Esophageal Spasm Symptoms

The two main symptoms are pain and/or difficulty swallowing (dysphagia). Regurgitation may be seen in some cases.


Esophageal pain and painful swallowing (odynophagia) are more commonly seen in nutcracker syndrome. The pain is usually intense and is a squeezing or constricting pain that is typically felt in the chest. Due to the intensity and nature of the pain, it closely resembles cardiac pain as is seen in angina pectoris or even a heart attack (myocardial infarction).


Difficulty swallowing is more prominent with diffuse esophageal spasm. The person often finds that swallowing is not as easy as it normally is and there is often a sensation of a lump in the throat (globus hystericus) after swallowing. Sometimes it is accompanied by discomfort in the chest as if the food is stuck in the esophagus yet it may not be painful. Heartburn (burning chest pain) may also be experienced.


Regurgitation of food is commonly seen with difficulty swallowing. It must not be mistaken for vomiting which is a much more violent process that starts from the small intestine or stomach. Instead the person finds that they swallow and then bring up the food shortly thereafter.

Esophageal Spasm Causes

The exact cause of esophageal spasms remains unknown. However, it may be a consequence of various diseases and arise secondary to these conditions. Esophageal spasms may be more likely to occur with one or more of the following conditions :

  • Compression of the nerves within the esophageal wall by solid masses or enlarged blood vessels.
  • Esophagitis which is an inflammation of the esophagus. It is commonly caused by gastroesophageal reflux disease (GERD) and infections.
  • Sandifer syndrome which is closely associated with GERD.
  • Crohn’s disease of the esophagus marked by inflammation and ulceration of the esophageal wall.
  • Dermatomyositis, multiple sclerosis and amyotrophic lateral sclerosis.
  • Esophageal strictures or obstructions.
  • Depression, anxiety and psychological stress.
  • Eating disorders involving purging.

It is important to note that esophageal spasms may not always be seen in these conditions. While the reason why esophageal spasms can occur in these conditions seems obvious – like nerve damage, abnormal muscle tonicity, inflamed esophageal wall and so on – the exact cause for esophageal spasms is unclear in most instances.

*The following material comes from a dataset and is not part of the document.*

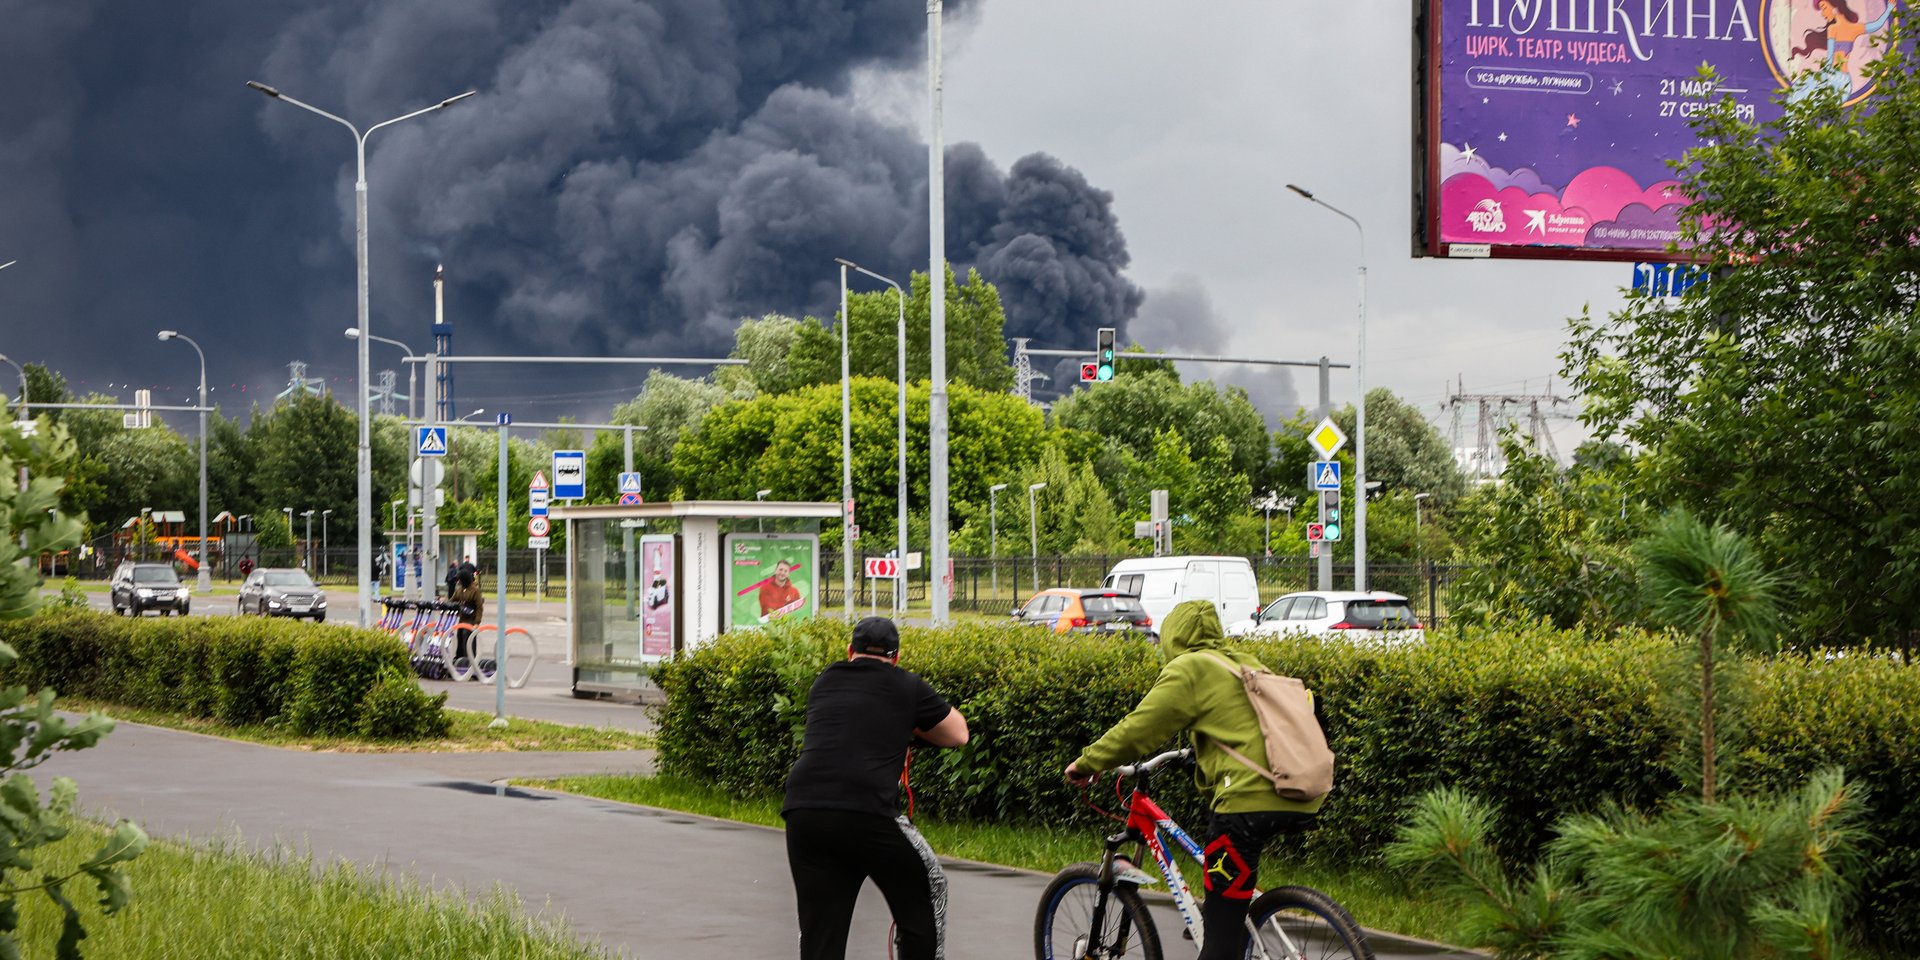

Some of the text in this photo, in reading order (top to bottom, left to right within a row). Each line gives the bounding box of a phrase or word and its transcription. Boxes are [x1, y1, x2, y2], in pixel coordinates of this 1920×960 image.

Esophageal Spasm Diagnosis

Diagnostic investigation includes :

  • Barium swallow where a special contrast dye is first consumed and x-rays taken to visualize the esophagus.
  • Computed tomography (CT) and ultrasound scans are useful to identify any abnormalities within the esophagus or around it.
  • Endoscopy (upper gastrointestinal) allows for visualization within the esophagus with video images.
  • Manometry is an investigation to measure the muscle contractions within the esophagus.
  • pH monitoring is a means to measure the acidity or alkalinity with the esophagus and determine if stomach acid is entering it.

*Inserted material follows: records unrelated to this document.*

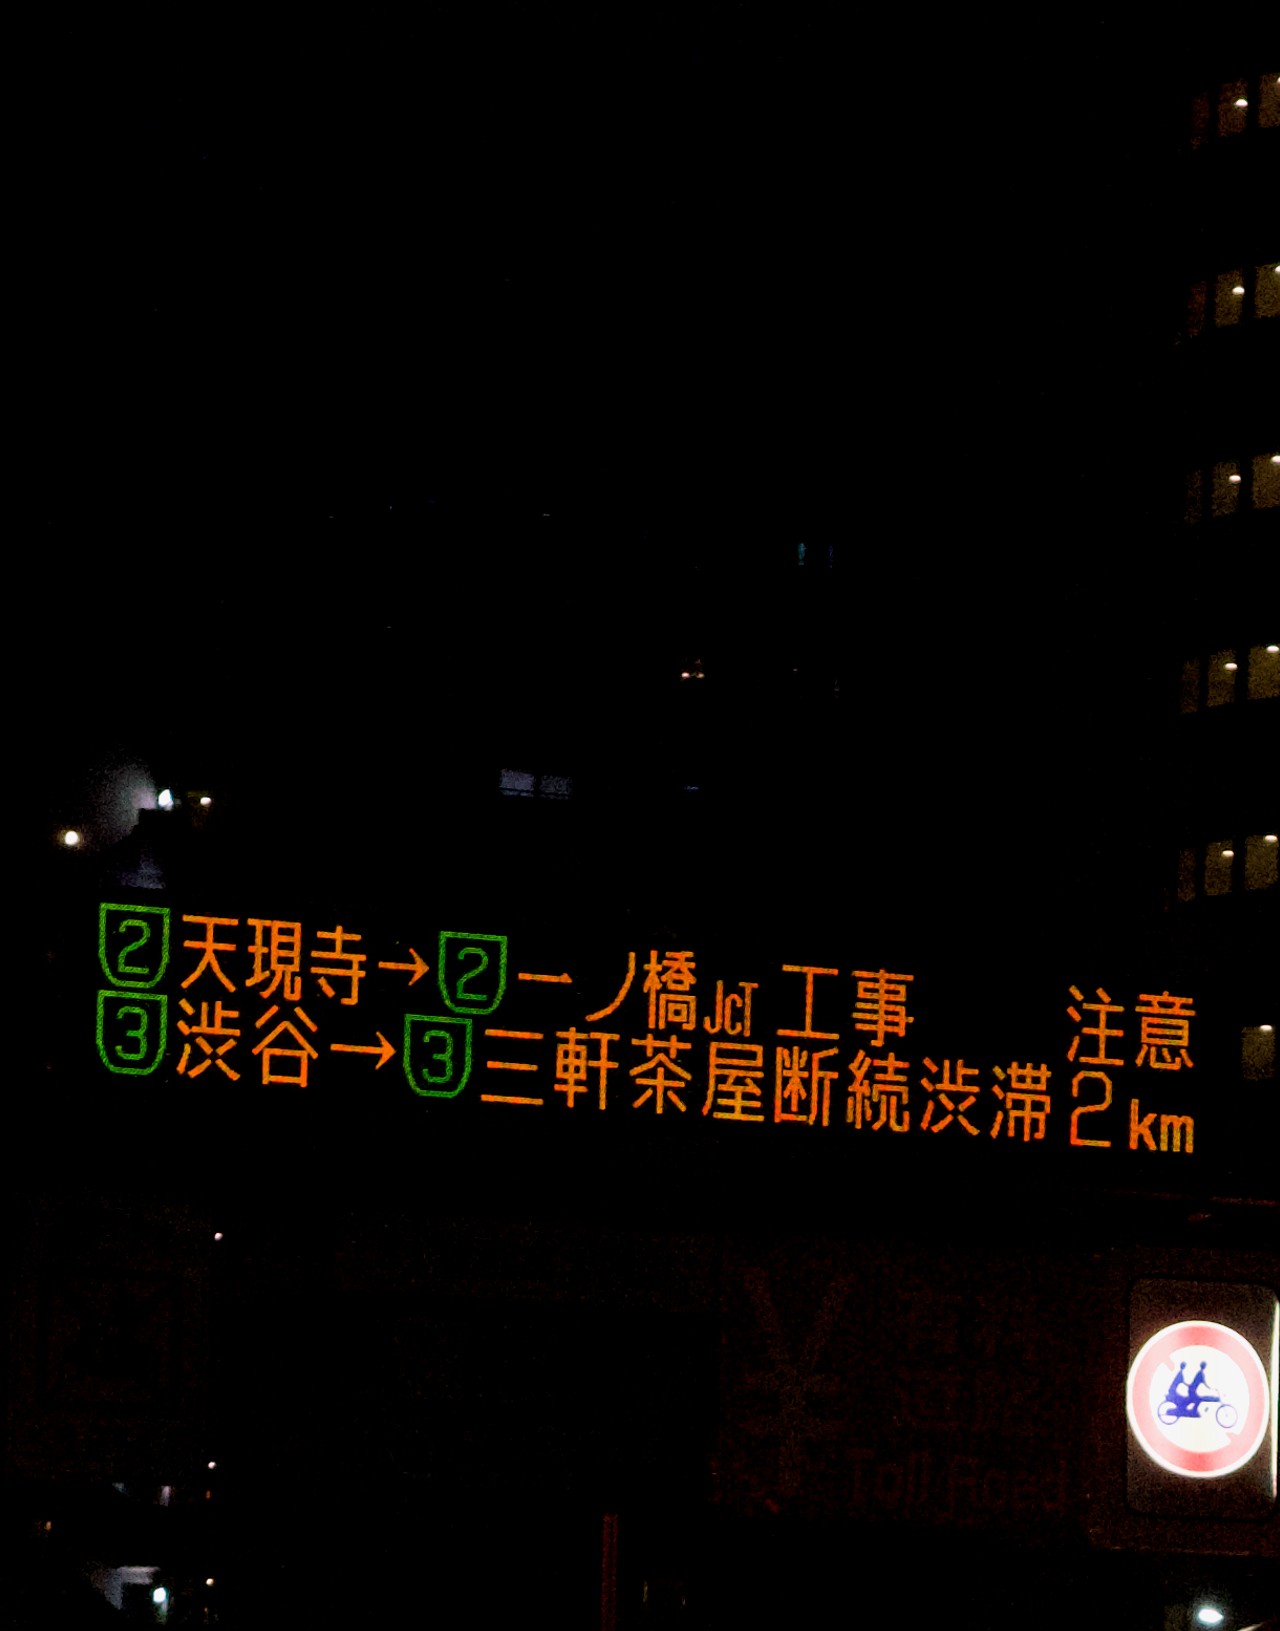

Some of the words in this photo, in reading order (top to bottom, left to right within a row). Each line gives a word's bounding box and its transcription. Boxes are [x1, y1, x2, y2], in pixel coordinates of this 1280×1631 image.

[115, 1006, 148, 1060] 3
[176, 998, 318, 1088] 渋谷
[422, 1029, 453, 1083] 3
[117, 919, 150, 974] 2
[181, 914, 367, 1005] 天現寺
[456, 947, 488, 1000] 2
[776, 964, 914, 1047] 工事
[1066, 985, 1196, 1070] 注意

Esophageal Spasm Treatment

Not every cases of esophageal spasms need specific medical treatment. Occasional esophageal spasms which do not cause significant pain may be manageable without treatment. Instead treatment may be directed at underlying problems of the upper gastrointestinal tract, motor and nerve disease or mental health disorders that may be contributing to esophageal spasms. When treatment is necessary, it can conducted through medication or surgery.

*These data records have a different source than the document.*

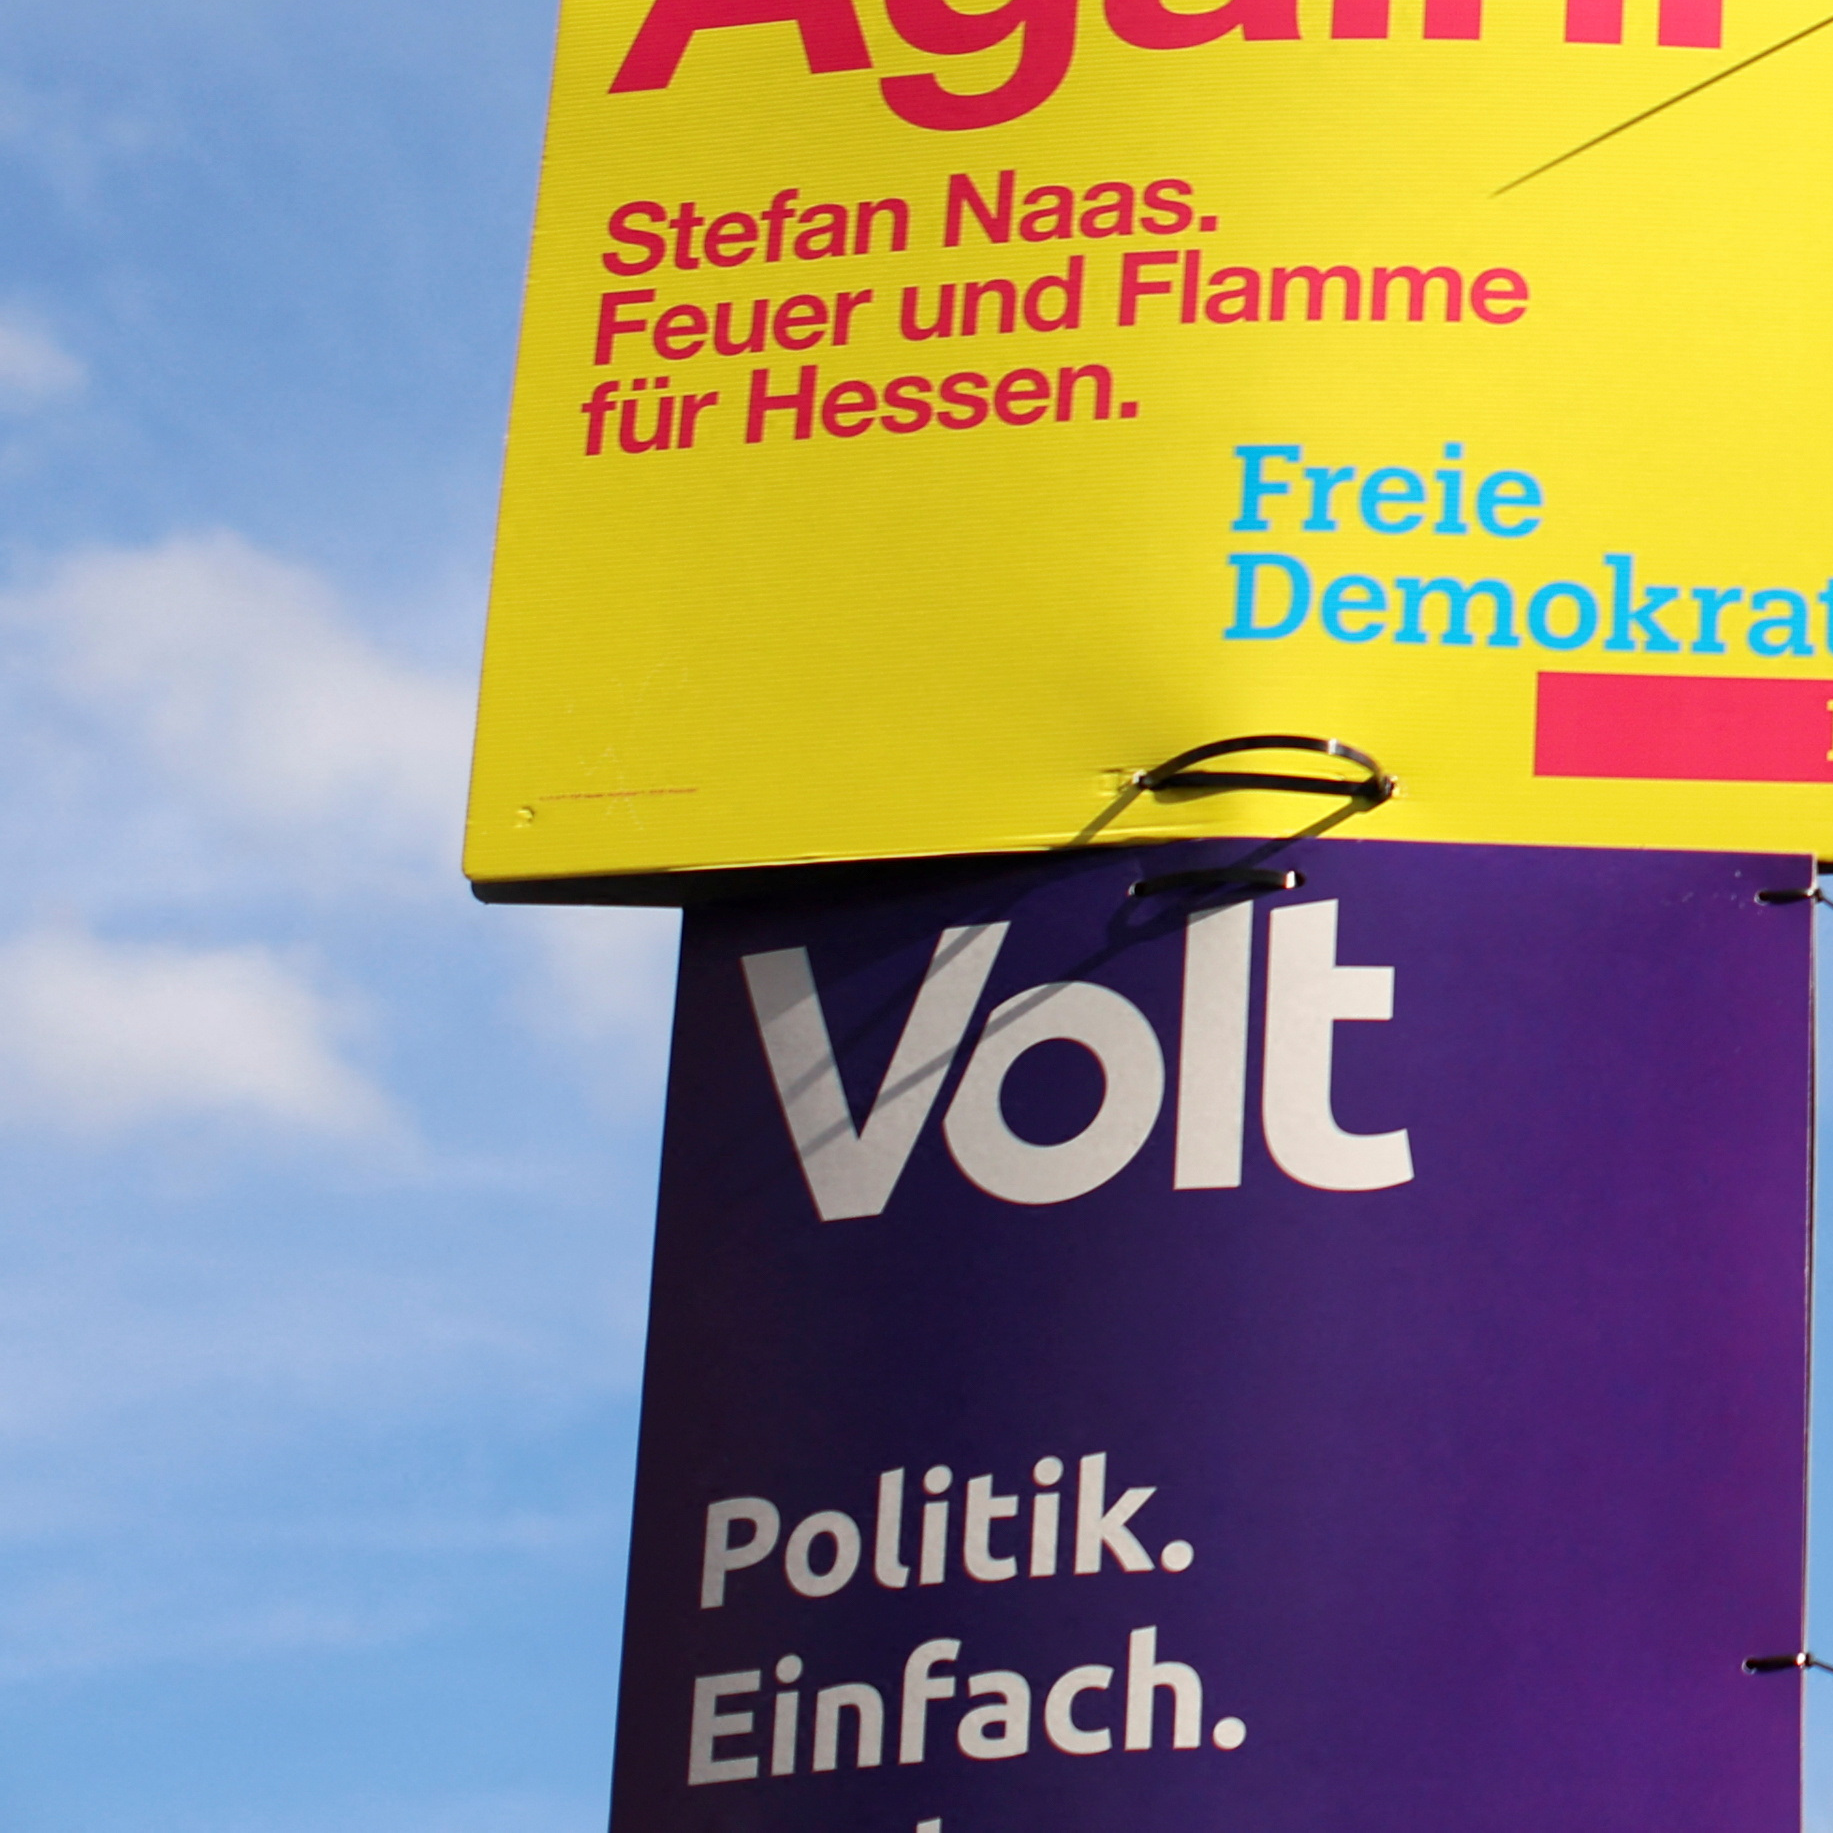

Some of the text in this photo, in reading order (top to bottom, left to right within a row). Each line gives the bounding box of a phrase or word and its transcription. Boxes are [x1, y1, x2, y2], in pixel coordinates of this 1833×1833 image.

[601, 169, 1219, 277] Stefan Naas.
[592, 248, 1531, 367] Feuer und Flamme
[580, 363, 1140, 457] für Hessen.
[1231, 442, 1543, 537] Freie
[741, 897, 1415, 1222] Volt
[700, 1450, 1196, 1610] Politik.
[687, 1624, 1248, 1787] Einfach.

  • Calcium channel blockers to reduce the strength of esophageal contractions.
  • Nitrates to relax the esophageal muscles.
  • Botulinum toxin to reduce the degree of muscle stimulation by the nerves.
  • Tricyclic antidepressants to reduce chest pain.

Acid-suppressing drugs may be helpful in reducing gastroesophageal reflux and thereby ease the esophageal spasms in some cases.


Surgery is only considered when other measures have failed to achieve the desired results.

  • Myotomy is the main procedure performed in esophageal spasms but is only useful for diffuse esophageal spasm. Myotomy can aggravate nutcracker syndrome.
  • Esophagectomy is the surgical removal of the esophagus, either a part of it or the entire esophagus. It is rarely done for esophageal spasms and is the very last option.